August 15, 2004
Compare and Contrast (Updated)
My seventh grade "social studies" class watched videos of the Holocaust.
Cara Remal and Jeremy Brown went to a children's play at their local school and saw the crimes of Saddam Hussein equated with children throwing snowballs. They were then told (as were the kiddies) to "put your fear and anger into loathing Bush."
UPDATE: Jeremy added a lengthy update to his original post answering a bit of controversy in my comments section. (My commenters get results! Way to go, folks.) So let me just clarify a few things on this end for those of you who choose not to follow the link.
The play was not performed at a school (that was my faulty assumption), but it was explicitly advertised and geared toward children. The snowball-throwing incident in question didn't represent the crimes of Saddam Hussein so much as the September 11 attacks on America (which is even worse) and the threat from Saddam more generally. No one actually said the words "put your fear and anger into loathing Bush." That was Jeremy's thematic paraphrase of something was supposed to be (ahem) subtle. As it turns out, after reading Jeremy's update the play was even more obnoxious than I had first thought.
Why even bring this up in the first place? It puts me in mind of something Marc Cooper wrote recently on his blog.
[T]he one change I know a Kerry administration would bring, a change that I lust for, will be an end to the incessant whining, doom-saying, fear-mongering and general apocalyptic paranoia that has come to permeate "progressive" politics. For that reason alone, I will be up at the crack of down on election day eagerly voting for Mr. A.B.B.I don't know if I'm willing to go there as he is, but I do understand where he's coming from. A Kerry Administration would not soothe the angst of the radical left; nothing much can. But it would give the mainstream Democrats something besides George W. Bush to worry about for a change. Something like, oh I don't know, terrorism perhaps. Posted by Michael J. Totten at August 15, 2004 12:17 PM
Personally, I find it distressing, and somewhat juvenile, when people insert politics into what should be a neutral forum. Using art to make a political point is fine, but artists need to understand that there is a time and place for everything. A children's play in school is never the time or the place; when it happens there, it's indoctrination. The "adults" behind this should be ashamed. (Of course, they won't be).
Artists need to understand that people usually don't go to performances to have politics thrust in their faces.
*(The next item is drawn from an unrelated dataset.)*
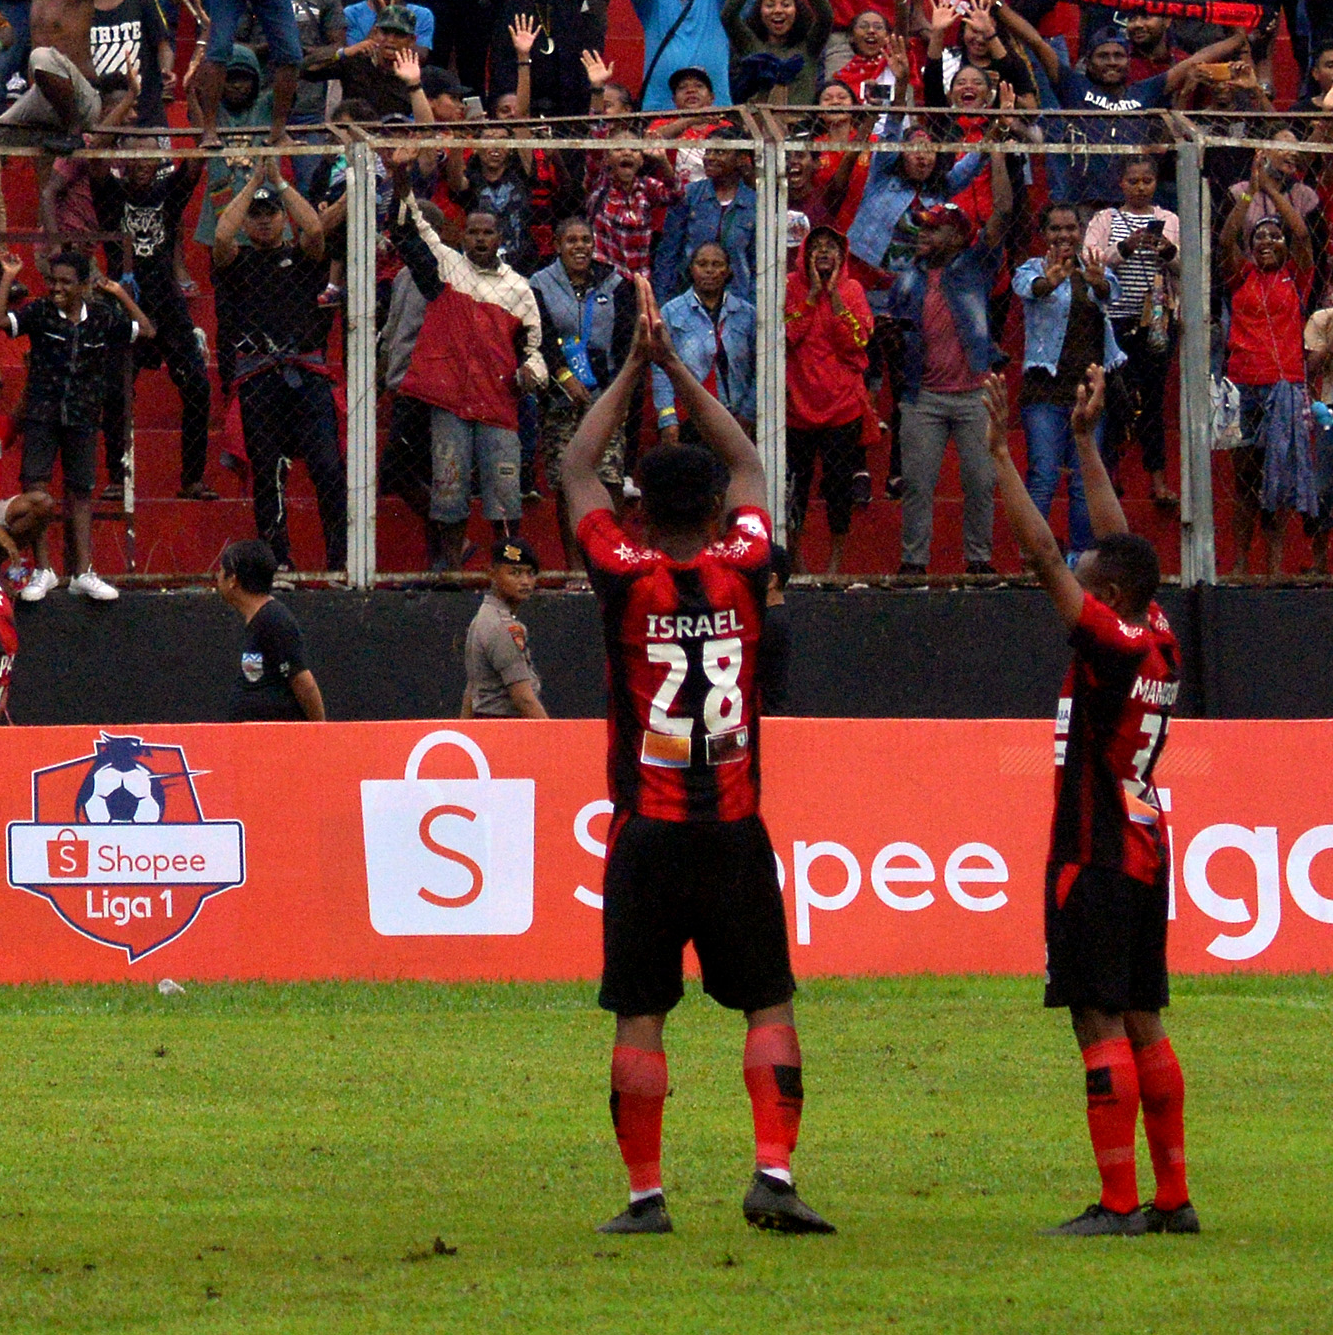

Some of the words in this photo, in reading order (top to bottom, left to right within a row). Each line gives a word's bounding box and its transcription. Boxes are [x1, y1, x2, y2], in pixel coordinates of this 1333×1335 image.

When Linda Ronstadt was fired in Las Vegas for introducing a political theme to her entertainment, that was appropriate. If people want a dose of politics, there are plenty of venues to get it. When people go to hear someone like Ms. Ronstadt, they go to hear singing, not politics.
A belief that you have carte blanche to inflict your politics on unsuspecting patrons at any time you feel the need to do so is nothing short of childish. Certainly the Right is guilty of this type of inappropriate behavior, but today most of this seems to be coming from the Left. My own theory is that many more people on the Left have failed to grow up. But who knows, I might be wrong.
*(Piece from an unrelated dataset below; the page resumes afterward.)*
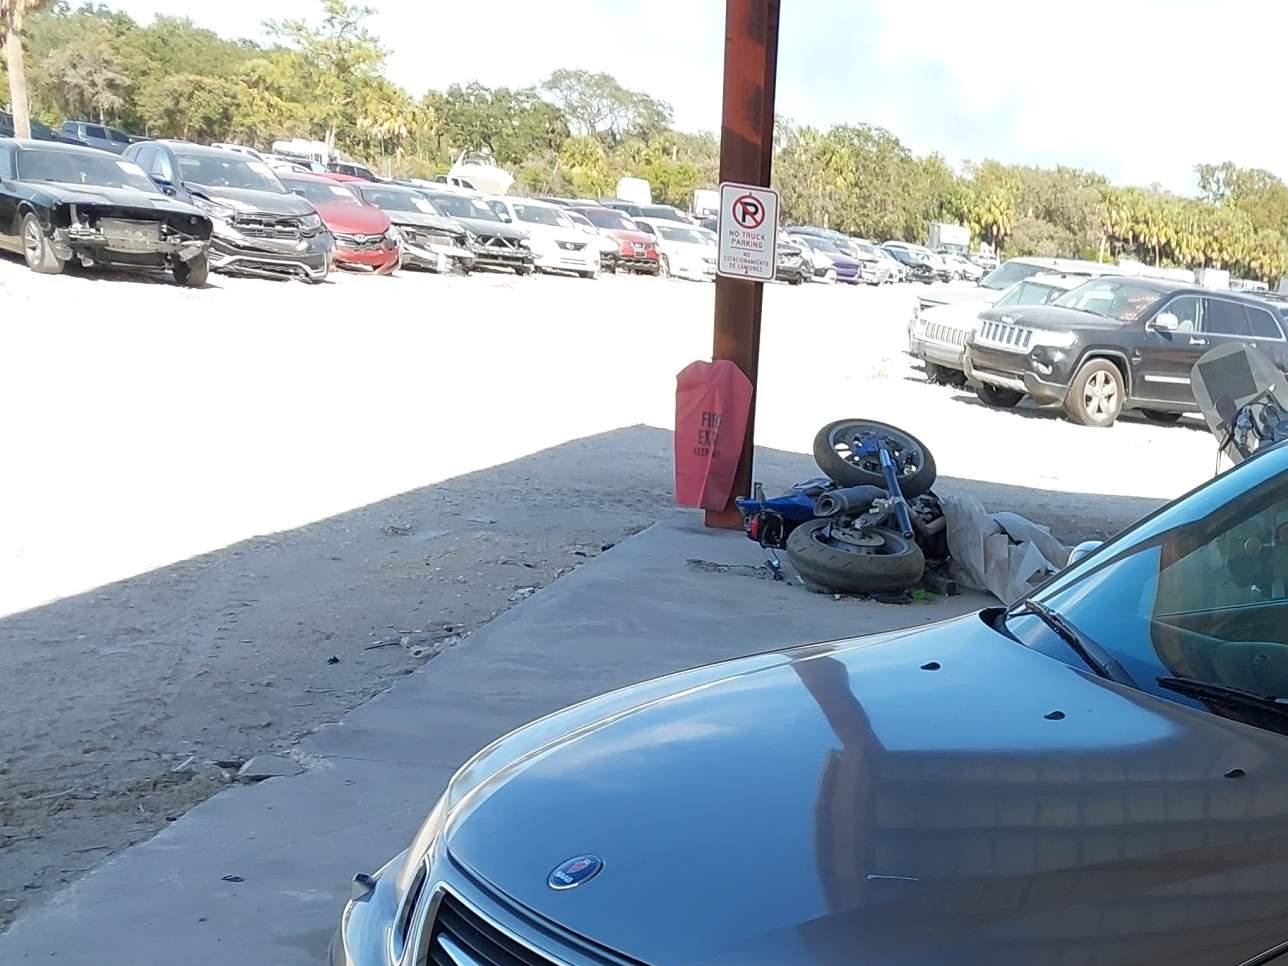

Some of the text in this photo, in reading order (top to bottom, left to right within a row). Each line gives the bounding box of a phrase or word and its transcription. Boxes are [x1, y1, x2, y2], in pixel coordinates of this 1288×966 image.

[729, 230, 766, 241] NO TRUCK
[731, 238, 763, 249] PARKING
Posted by: Ben at August 15, 2004 12:51 PMA pretty good reason to vote for Bush as far as I'm concerned.
Posted by: David at August 15, 2004 01:03 PMWell, here's an object lesson in how urban legends get spread.
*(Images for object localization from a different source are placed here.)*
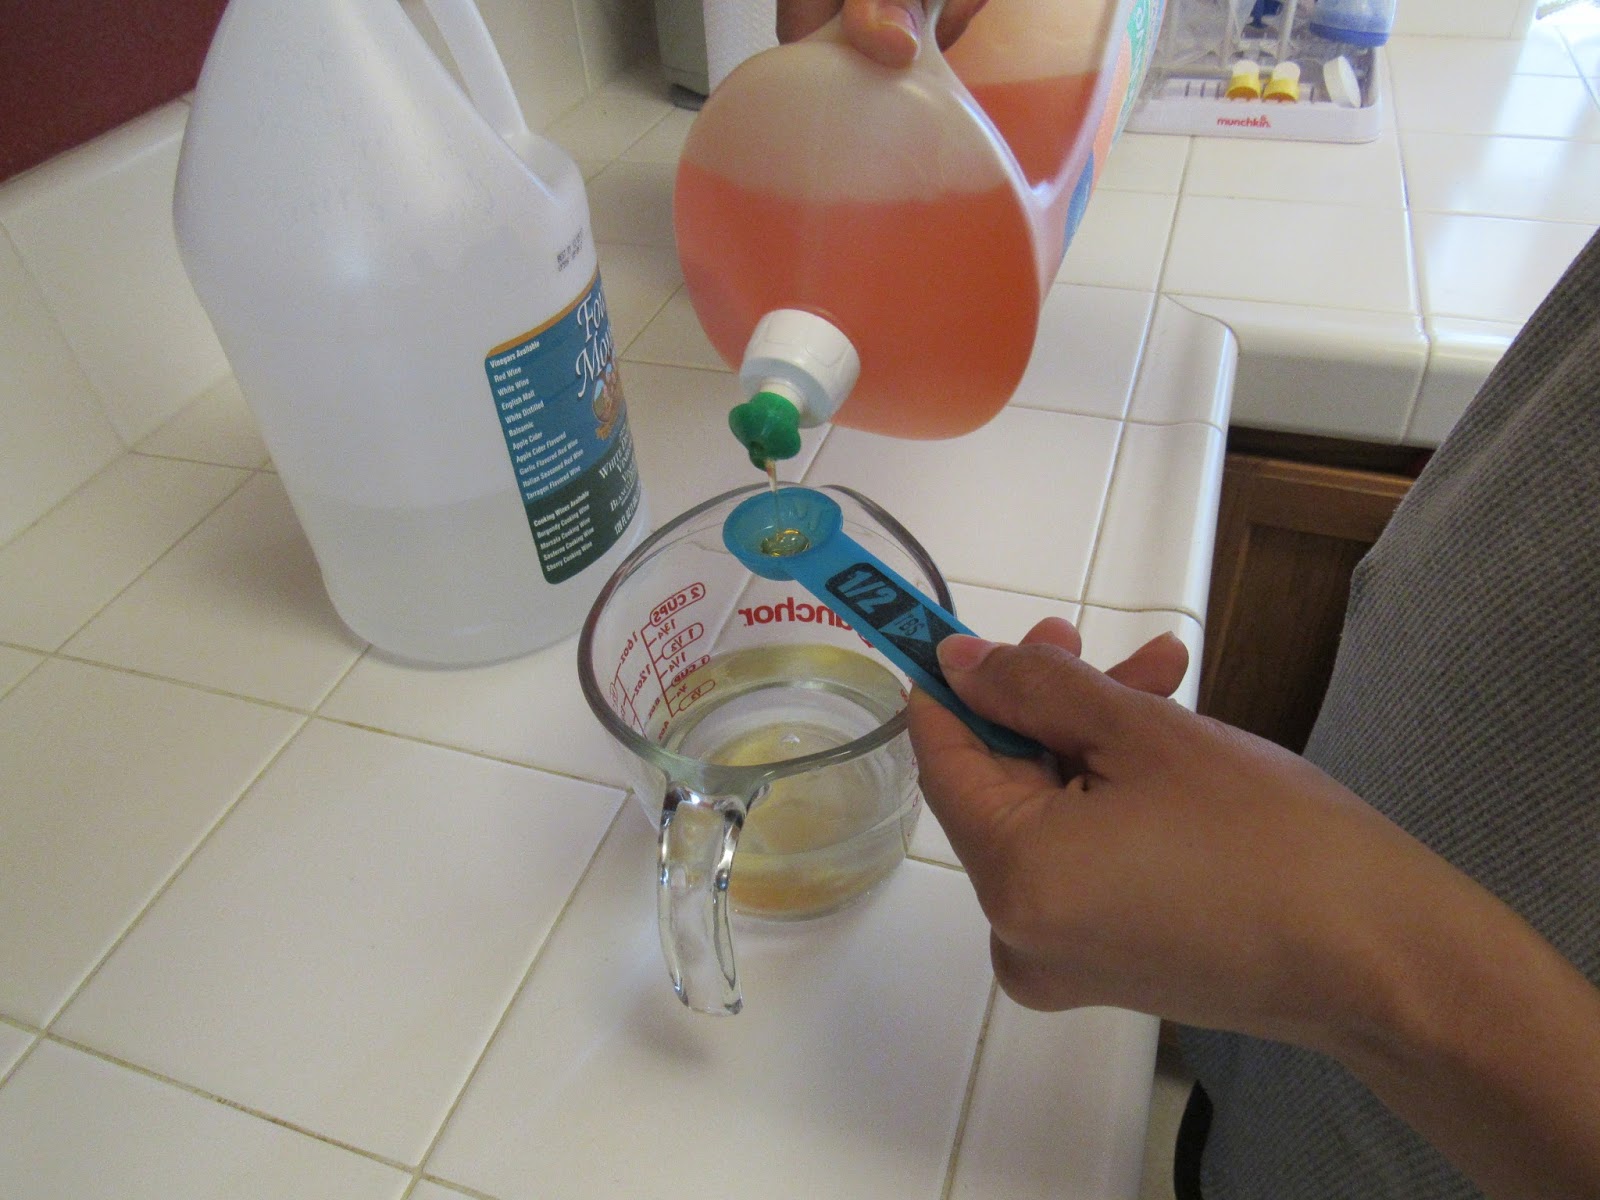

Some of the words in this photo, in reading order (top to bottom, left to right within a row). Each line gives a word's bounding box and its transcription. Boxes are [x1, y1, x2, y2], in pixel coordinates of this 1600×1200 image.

[489, 352, 516, 369] Vinegars
[516, 340, 541, 359] Available
[493, 371, 507, 383] Red
[506, 366, 522, 378] Wine
[497, 384, 515, 397] White
[515, 378, 530, 389] Wine
[501, 397, 523, 411] English
[504, 412, 522, 424] White
[522, 400, 545, 417] Distilled
[508, 421, 534, 437] Balsamic
[512, 438, 529, 451] Apple
[528, 431, 543, 443] Cider
[516, 451, 532, 463] Apple
[531, 444, 546, 456] Cider
[546, 431, 567, 449] Flavored
[519, 463, 536, 475] Garlic
[536, 452, 558, 468] Flavored
[557, 445, 568, 457] Red
[567, 438, 579, 450] Wine
[522, 475, 541, 488] Italian
[540, 461, 564, 480] Seasoned
[563, 455, 574, 467] Red
[573, 448, 585, 461] Wine
[549, 472, 571, 490] Flavored
[569, 465, 581, 476] Wine
[533, 512, 556, 527] Cooking
[554, 504, 571, 517] Wines
[569, 489, 590, 508] Available
[560, 511, 580, 527] Cooking
[578, 503, 590, 515] Wine
[560, 524, 580, 540] Cooking
[579, 516, 591, 528] Wine
[564, 534, 584, 550] Cooking
[583, 526, 595, 538] Wine
[546, 559, 564, 572] Sherry
[563, 549, 583, 564] Cooking
[580, 540, 593, 552] Wine
[837, 569, 898, 615] 1/2
If you look at the link to Cara/Jeremy's site, you'll see that "put your fear and anger into loathing Bush" is Jeremy's phrase, not something that was said during the show. In fact, Jeremy doesn't even explain how they drew that interpretation -- in his description of the show, Bush isn't even mentioned.
But filter whatever is in the show through Jeremy's overactive imagination, and Michael's sloppy reading comprehension, and -- presto! -- "put your fear and anger into loathing Bush" is now part of the script. I suppose, in this blog equivalent of "telephone," that's how it'll get passed on from here.
Congratulations, Michael, for another contribution to making the world just a little bit dumber.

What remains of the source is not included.